Exercise goal
Exactly the lines from the one with "this 1600×1200 image." through the final line of the entries, and nothing else, should appear in the answer; no pictures go in it.

Data to process
# # # # # # #

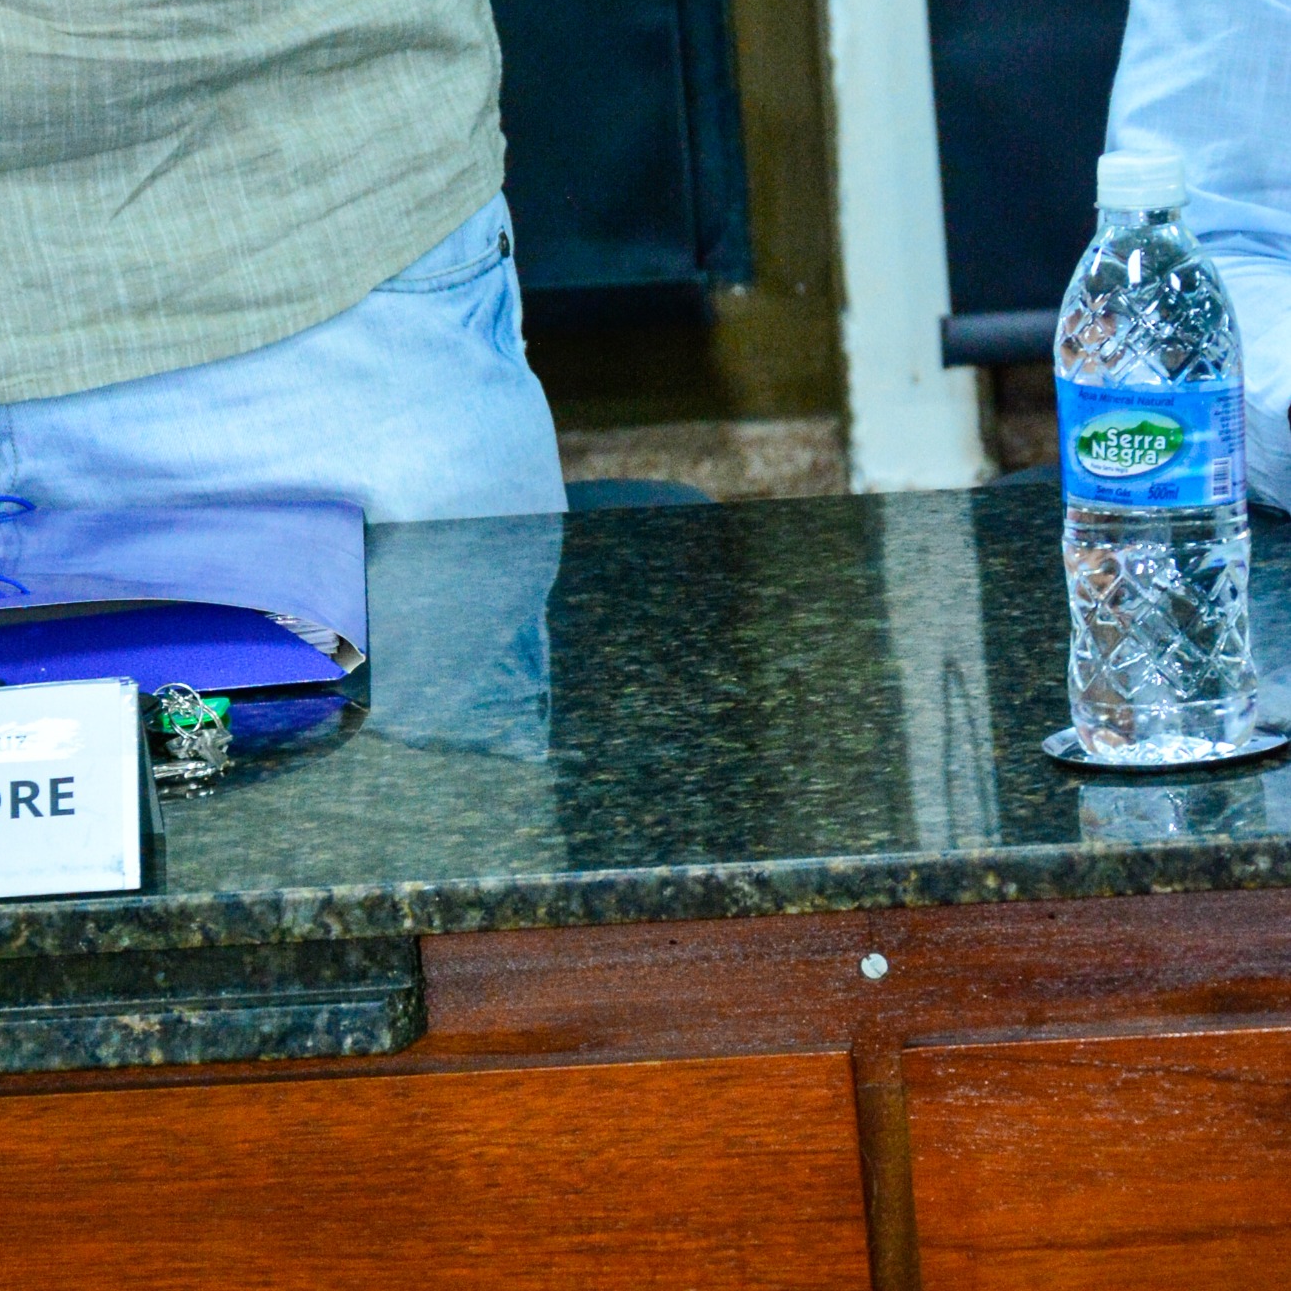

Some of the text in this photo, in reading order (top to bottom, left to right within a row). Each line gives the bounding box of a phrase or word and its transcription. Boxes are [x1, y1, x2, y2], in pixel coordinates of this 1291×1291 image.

[1100, 393, 1134, 405] Mineral
[1137, 396, 1175, 407] Natural
[1106, 427, 1167, 451] Serra
[1091, 439, 1158, 467] Negra
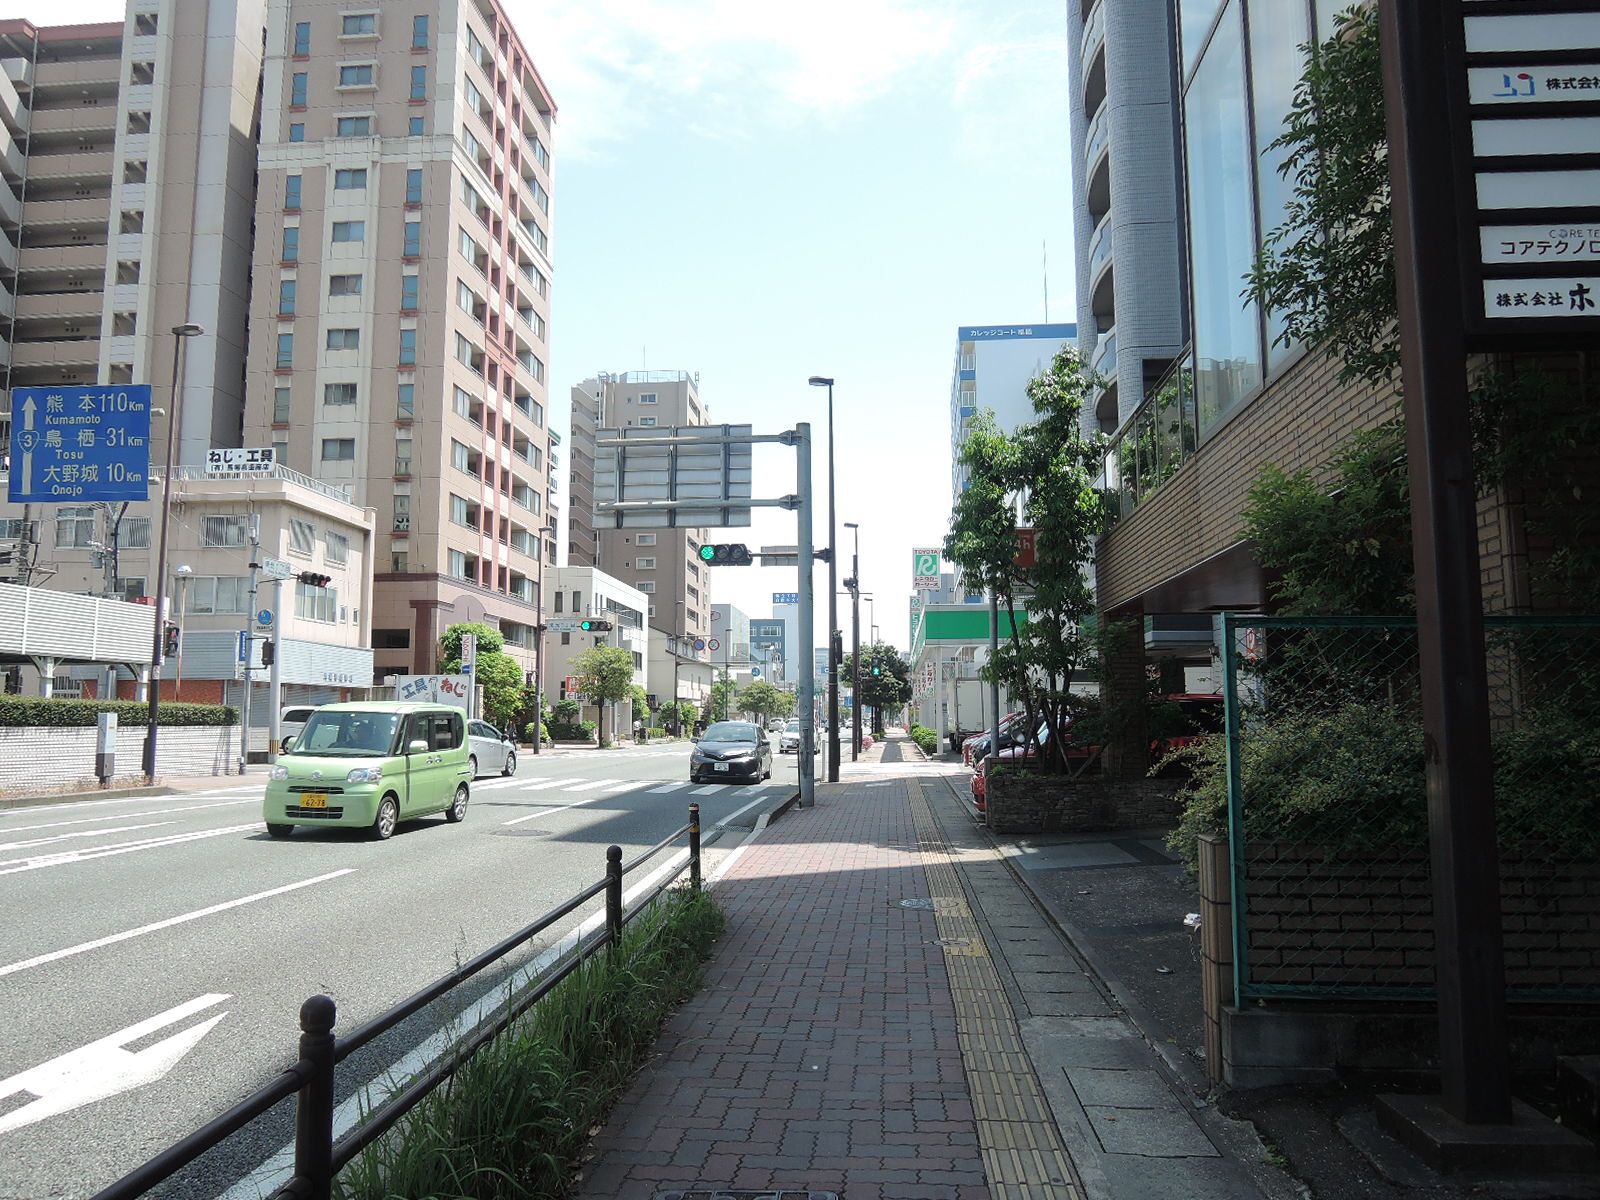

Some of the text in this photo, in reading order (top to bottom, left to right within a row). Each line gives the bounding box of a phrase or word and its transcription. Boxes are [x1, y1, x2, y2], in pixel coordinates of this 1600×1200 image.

[45, 393, 96, 413] 熊本
[45, 414, 101, 425] Kumamoto
[24, 434, 32, 447] 3
[44, 429, 95, 448] 鳥栖
[55, 449, 84, 460] Tosu
[43, 464, 99, 483] 大野城
[51, 485, 83, 497] Onojo
[401, 677, 467, 700] 工具 ねじ
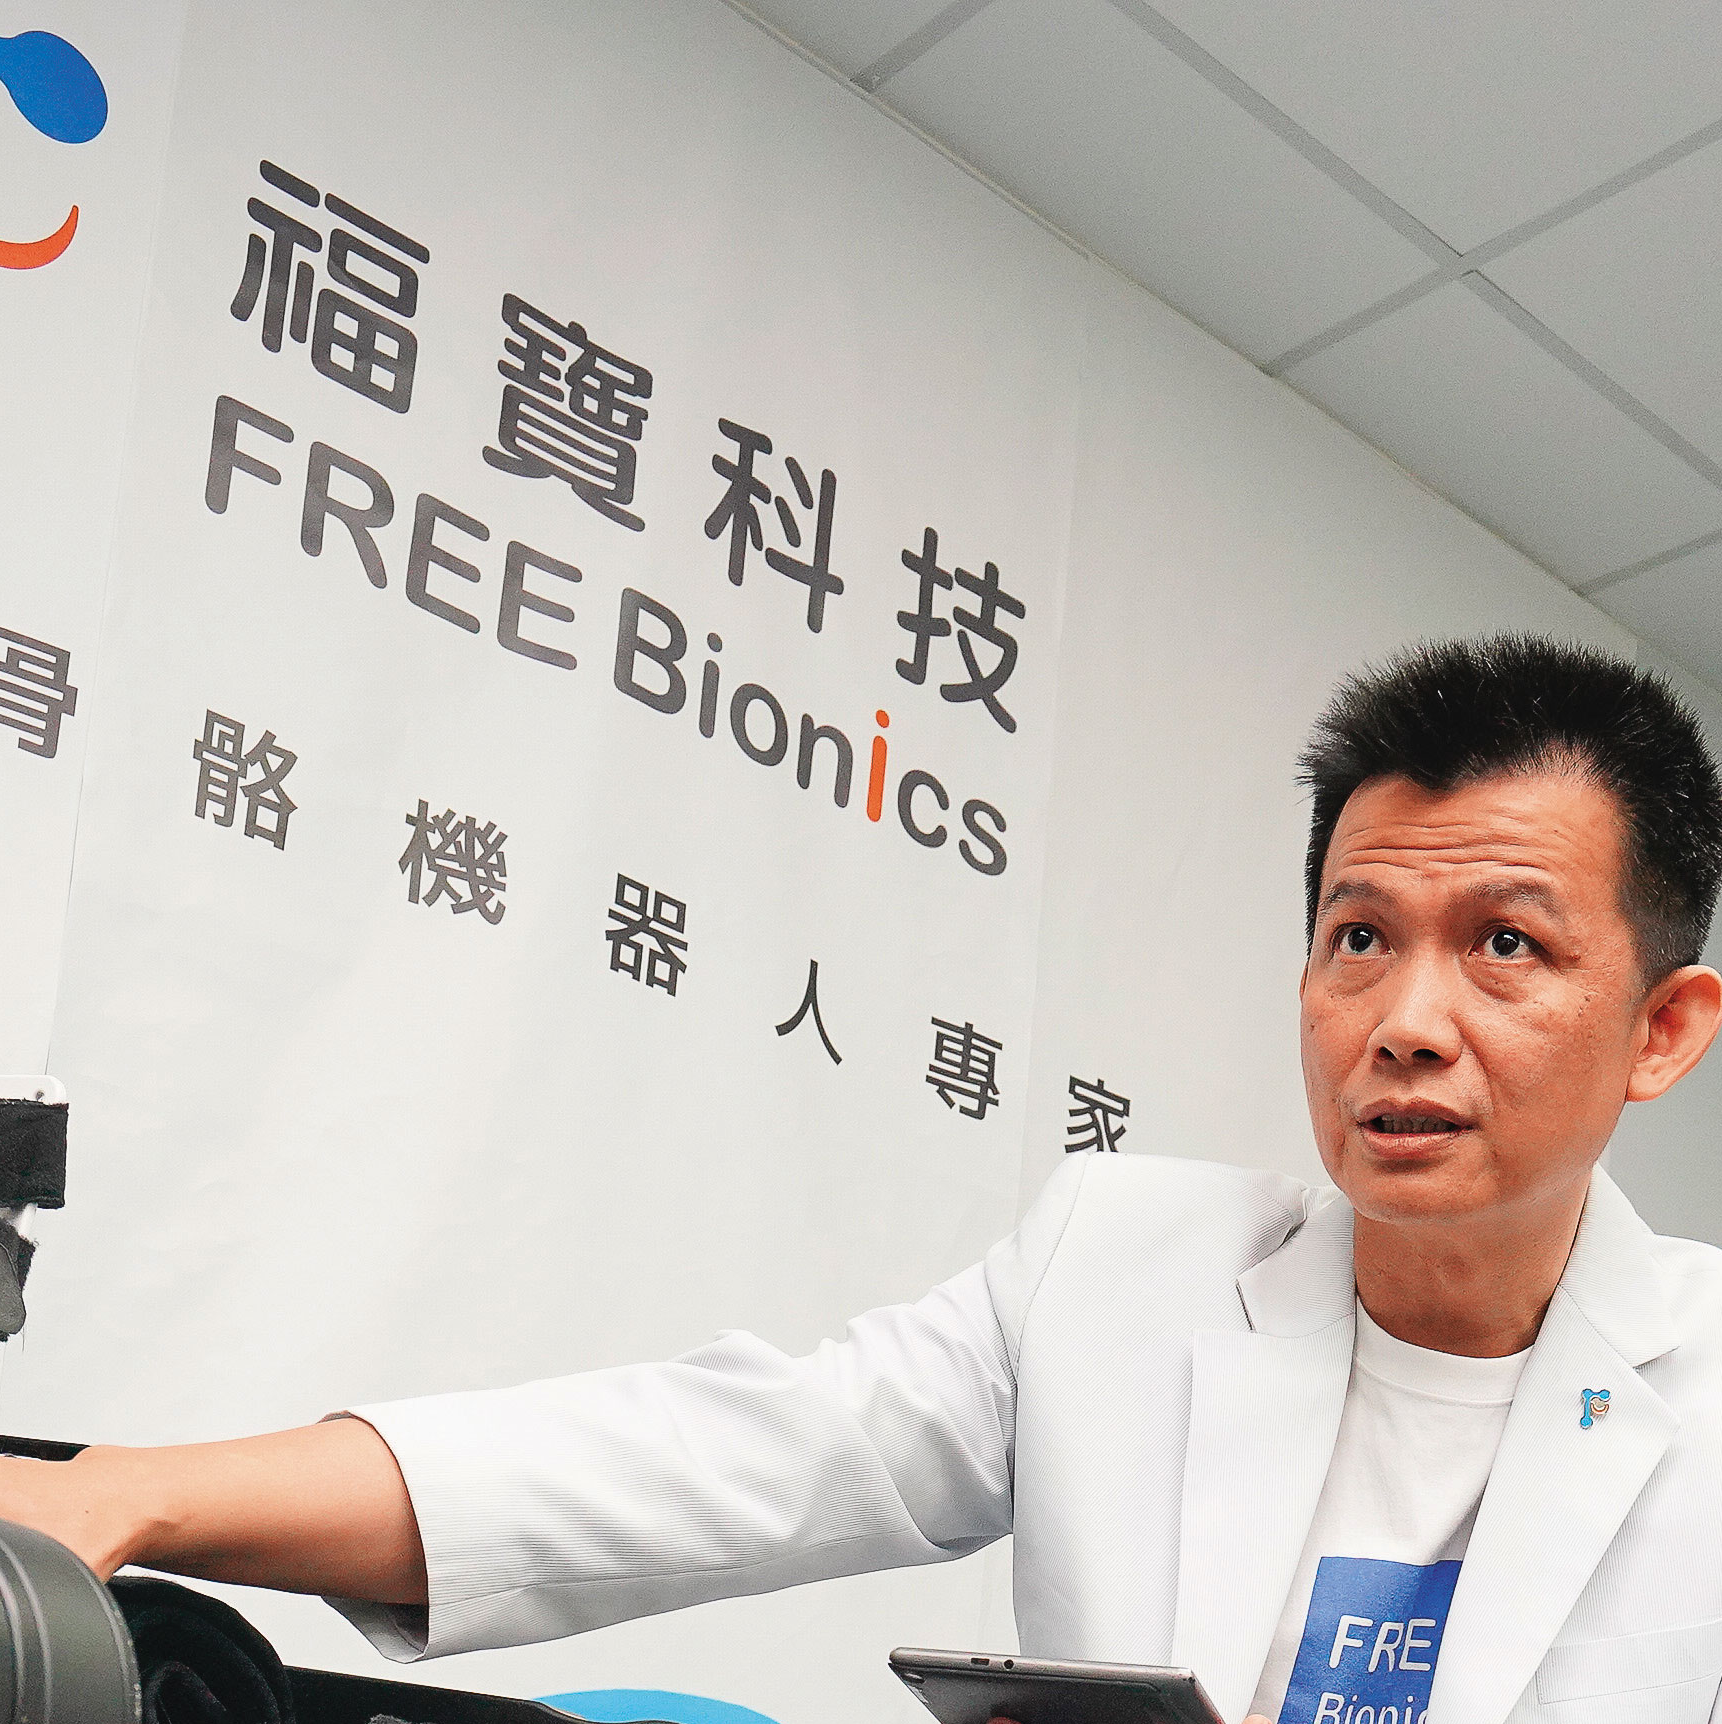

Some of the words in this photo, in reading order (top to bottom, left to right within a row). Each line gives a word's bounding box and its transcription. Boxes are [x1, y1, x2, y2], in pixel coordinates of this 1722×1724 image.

[205, 395, 582, 671] FREE
[614, 588, 1008, 876] Bionics
[230, 160, 1027, 734] 福寶科技

# # # # # # #

Written response
Some of the text in this photo, in reading order (top to bottom, left to right within a row). Each line gives the bounding box of a phrase or word and its transcription. Boxes are [x1, y1, x2, y2], in pixel coordinates of this 1600×1200 image.

[45, 393, 96, 413] 熊本
[45, 414, 101, 425] Kumamoto
[24, 434, 32, 447] 3
[44, 429, 95, 448] 鳥栖
[55, 449, 84, 460] Tosu
[43, 464, 99, 483] 大野城
[51, 485, 83, 497] Onojo
[401, 677, 467, 700] 工具 ねじ

Some of the words in this photo, in reading order (top to bottom, left to right within a row). Each line gives a word's bounding box and its transcription. Boxes are [x1, y1, x2, y2], in pixel coordinates of this 1722×1724 image.

[205, 395, 582, 671] FREE
[614, 588, 1008, 876] Bionics
[230, 160, 1027, 734] 福寶科技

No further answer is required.